Attachment or gentle parents
Type of parent: You believe that a child’s earliest attachment to caregivers informs all subsequent attachments a person experiences. The argument suggests strong emotional and safe physical attachments to at least one primary caregiver are essential to the child’s personal development.
Who coined it? The philosophy is based on the work of psychologists John Bowlby and Mary Ainsworth on attachment theory. The work began with Bowlby in the 1950s. Bowlby also worked with Ainsworth and Ainsworth did some famous experiments with young children.
Attachment theory suggests that children who develop strong bonds with parents/caregivers in the early years will have happier, healthier relationships as they age.
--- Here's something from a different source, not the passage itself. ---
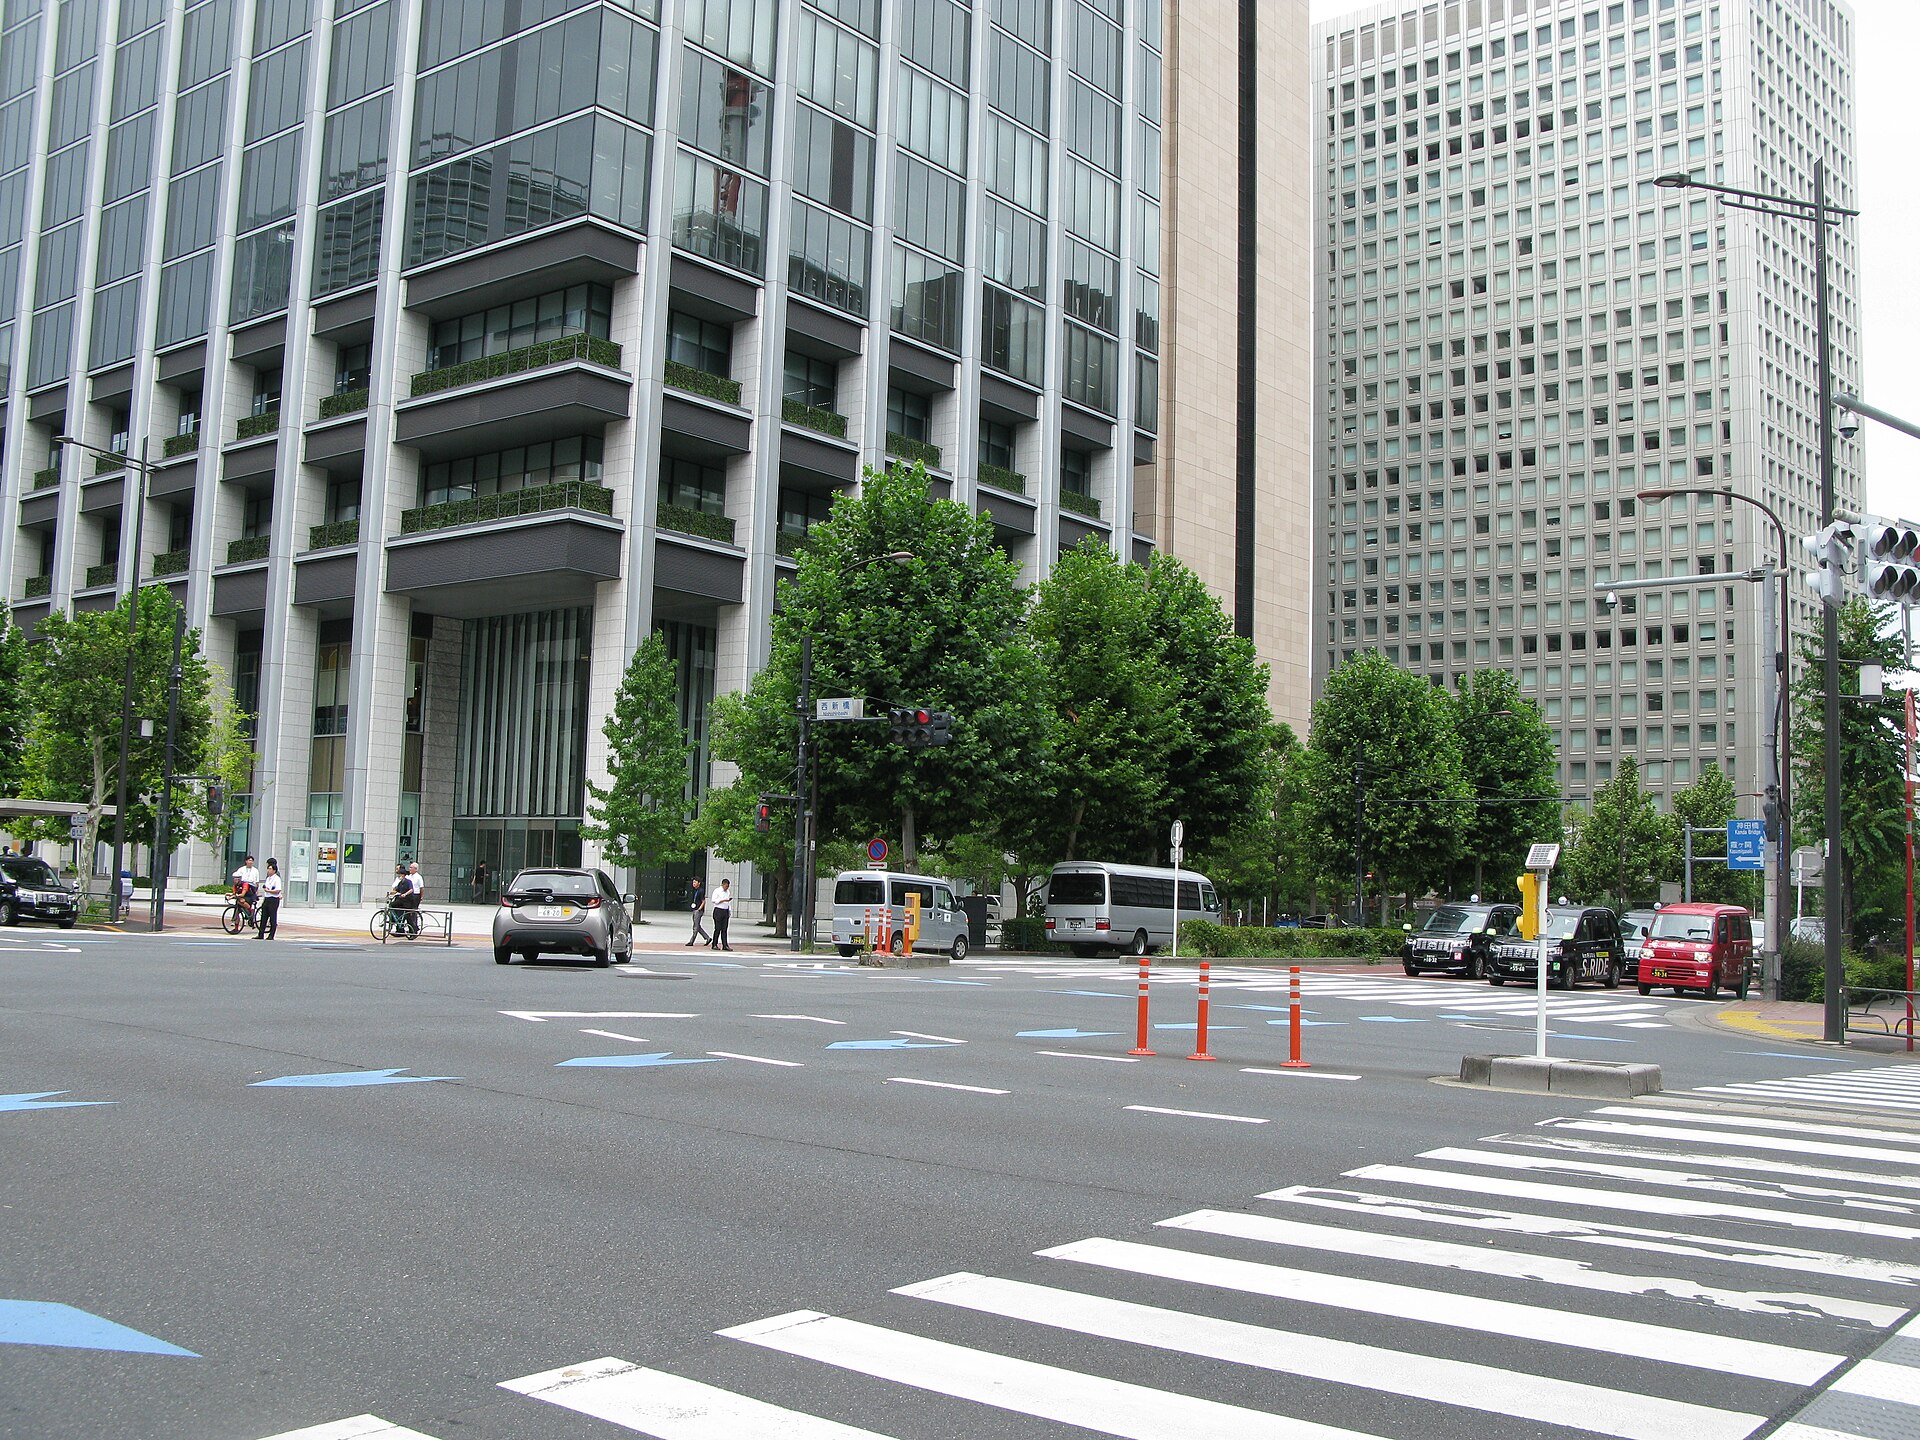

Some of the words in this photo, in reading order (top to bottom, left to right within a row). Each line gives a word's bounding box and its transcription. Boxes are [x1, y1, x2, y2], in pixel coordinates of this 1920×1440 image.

The term was then popularised by a book dubbed the “baby bible” written by the Sears family in 1993.
Why parents choose this style: Parents may choose this style because they want their children to be positive about themselves and their relationships with others as they mature. Attachment parenting is associated with the authoritative typology. These parents try to balance high expectations with empathy and this is associated with the best outcomes.
Pros: It provides a safe haven of love and respect in which to build the child’s relationships and from which the child can safely experience the world.
Cons: It can be conflated with permissive parenting. It is also associated, somewhat contrarily, with over-parenting, as some suggest it is a name for mothers who can’t let their child go. Some have accused this style of being anti-women or anti-feminist. These authors say the style conflates women’s role with motherhood, undoing the work of feminism. However, others disagree.